# Military eyes adaptive camouflage, self-repairing clothing for future troops



## daftandbarmy (28 Jan 2021)

But it still won't hide you from an angry CSM looking for a work party late on a Friday afternoon 

​Military eyes adaptive camouflage, self-repairing clothing for future troops​​The Department of National Defence is partnering with universities and industry to create cutting-edge clothing and armour for military personnel. 

From chameleon-inspired camouflage to clothing that mends itself when damaged, the Department of National Defence is looking to outfit Canadian troops with next-wave gear that provides better protection — and less detection — on the battlefield.

Those are just two technologies in a long list of cutting-edge scientific advancements that DND is spending $9 million over three years to research, spearheaded by five Canadian universities.

"Adaptive camouflage would be more like a chameleon where, depending on your background, your camouflage will modify itself.
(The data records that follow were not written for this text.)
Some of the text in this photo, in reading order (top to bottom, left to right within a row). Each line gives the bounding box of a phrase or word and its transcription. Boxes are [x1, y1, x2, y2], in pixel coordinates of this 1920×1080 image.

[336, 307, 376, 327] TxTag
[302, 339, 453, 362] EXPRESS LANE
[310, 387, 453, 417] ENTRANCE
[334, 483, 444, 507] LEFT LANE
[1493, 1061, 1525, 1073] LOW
So if you are in front of a dark wall, your camouflage could be darker. If you are in front of a whiter wall, your camouflage would be lighter," said Eric Fournier, director general of innovation with DND.   
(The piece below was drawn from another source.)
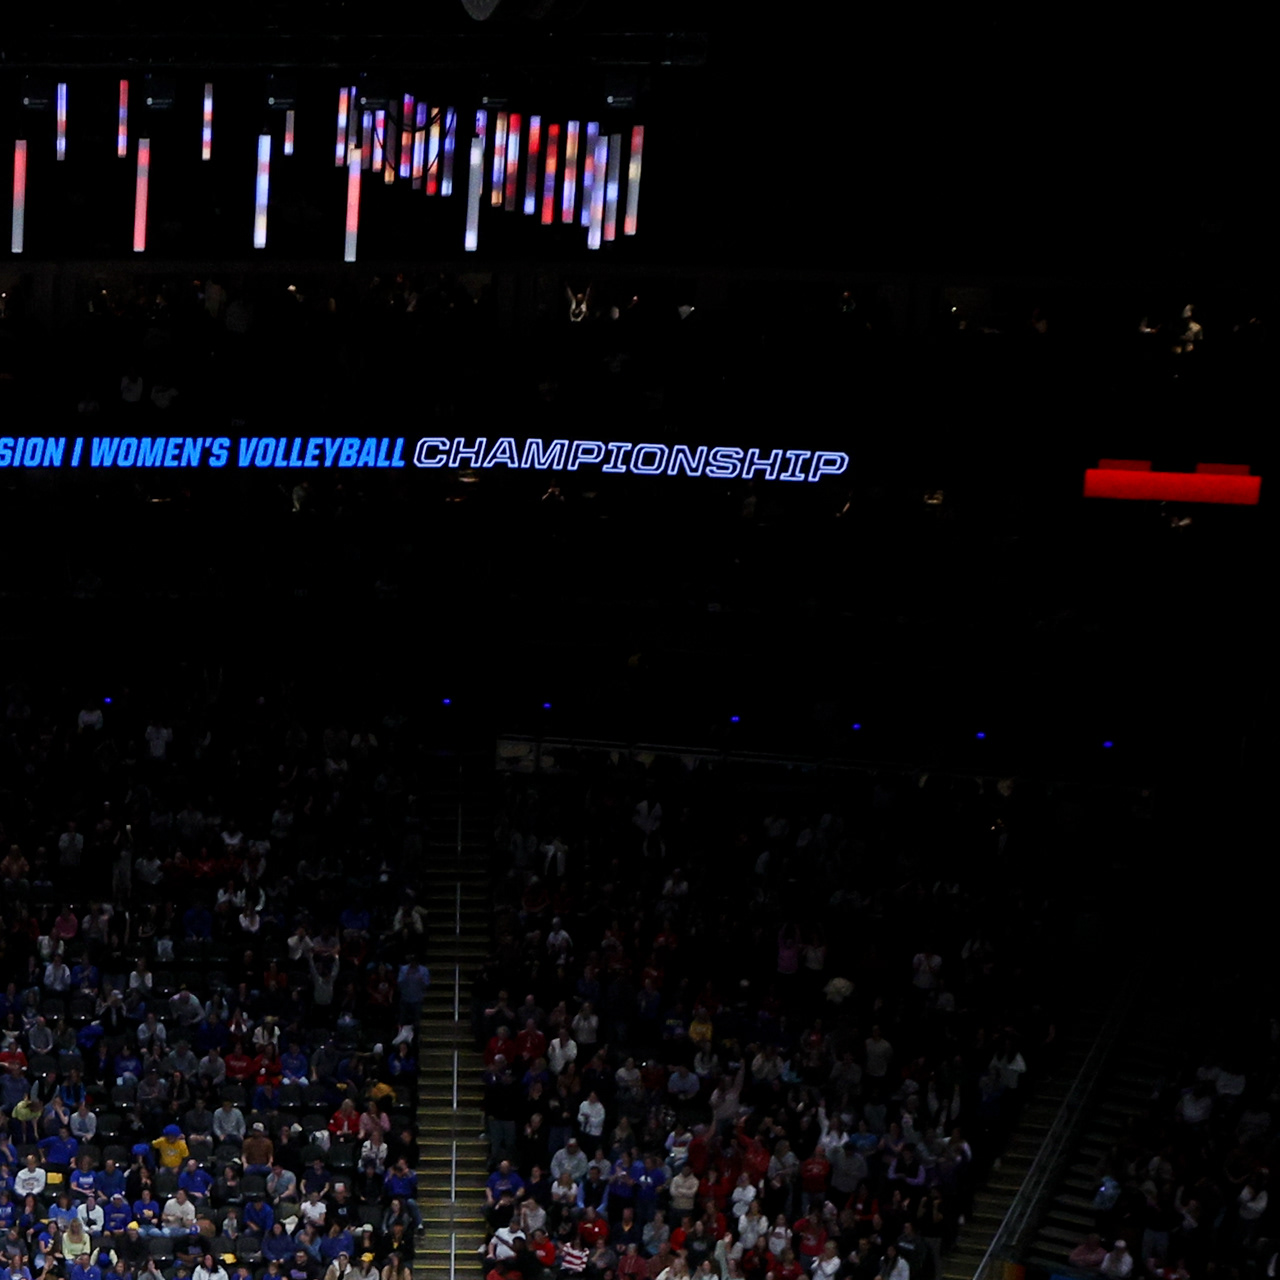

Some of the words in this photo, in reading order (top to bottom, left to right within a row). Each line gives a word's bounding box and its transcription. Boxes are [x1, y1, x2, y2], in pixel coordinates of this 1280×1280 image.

[91, 437, 230, 468] WOMEN'S
[239, 436, 407, 468] VOLLEYBALL
[413, 436, 849, 483] CHAMPIONSHIP
That technology exists and is being worked on right now, he said. 

Fournier and the researchers working for DND are tight-lipped on details about how effective this kind of technology is and exactly how it works. DND did not supply CBC with any images of the proposed designs.



			https://www.cbc.ca/news/canada/nova-scotia/military-research-technology-combat-protection-1.5889528


----------



## dangerboy (28 Jan 2021)

This is fairly common for most countries to engage in research, even if it just becomes proof of concept. The data most like will end up in  the hands of DRDC scientists for research papers.


----------



## FJAG (28 Jan 2021)

daftandbarmy said:


> But it still won't hide you from an angry CSM looking for a work party late on a Friday afternoon
> 
> Those are just two technologies in a long list of cutting-edge scientific advancements that DND is spending $9 million over three years to research, spearheaded by five Canadian universities.
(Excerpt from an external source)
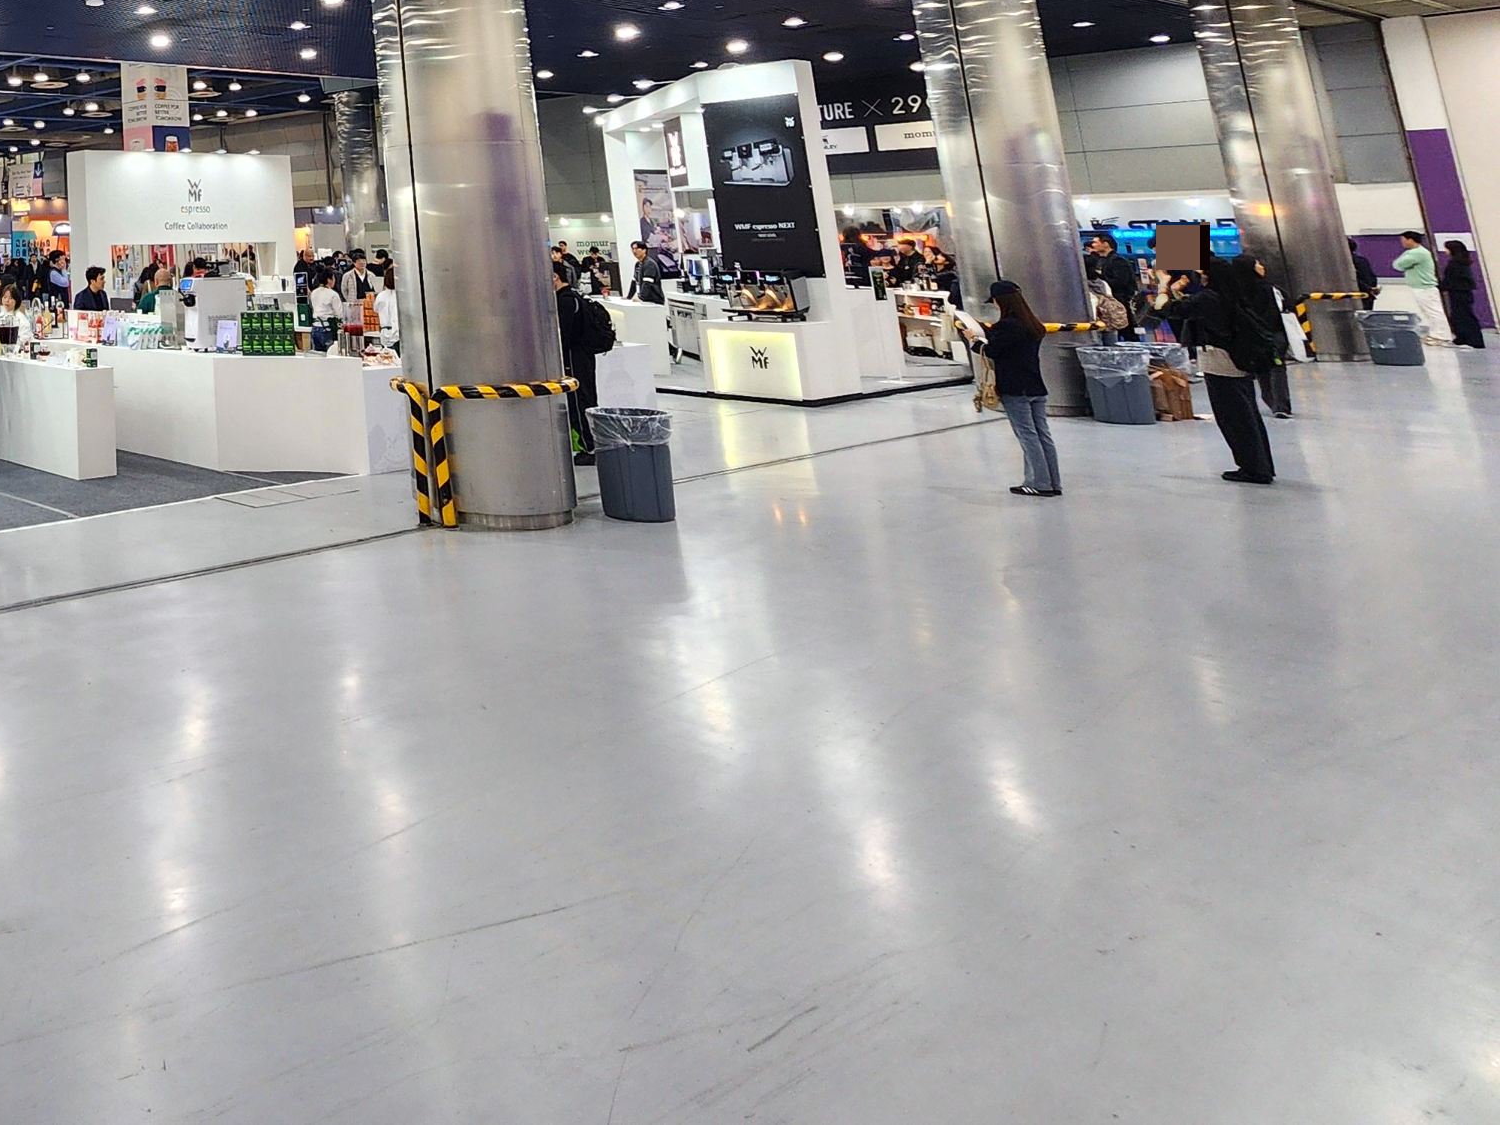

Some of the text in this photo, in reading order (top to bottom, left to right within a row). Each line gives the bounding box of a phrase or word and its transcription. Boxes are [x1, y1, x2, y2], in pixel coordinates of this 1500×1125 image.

[891, 95, 930, 115] 29
[180, 206, 211, 215] espresso
[164, 222, 228, 230] Coffee Collaboration
Or we could have bought two 155mm Archer SP howitzers. Frick!!!

😠


----------



## Weinie (28 Jan 2021)

FJAG said:


> Or we could have bought two 155mm Archer SP howitzers. Frick!!!
> 
> 😠


Military eyes adaptive camouflage, *self-repairing clothing* for future troops​
It had better be cost neutral. If not, the impact at the Strat and Op Level, where those  self-proclaimed 'supporters and enablers" insist on wearing combats, could alone bankrupt us.


----------



## OldSolduer (28 Jan 2021)

Weinie said:


> Military eyes adaptive camouflage, *self-repairing clothing* for future troops​
> It had better be cost neutral. If not, the impact at the Strat and Op Level, where those  self-proclaimed 'supporters and enablers" insist on wearing combats, could alone bankrupt us.


Maybe the chair warmers need to wear DEU vice operational clothing. Just a suggestion.


----------



## FJAG (28 Jan 2021)

OldSolduer said:


> Maybe the chair warmers need to wear DEU vice operational clothing. Just a suggestion.


That raises a good point. Will the cloth in the butt repair itself after too much chair warming?

🙂


----------



## Oldgateboatdriver (28 Jan 2021)

daftandbarmy said:


> DND did not supply CBC with any images of the proposed designs.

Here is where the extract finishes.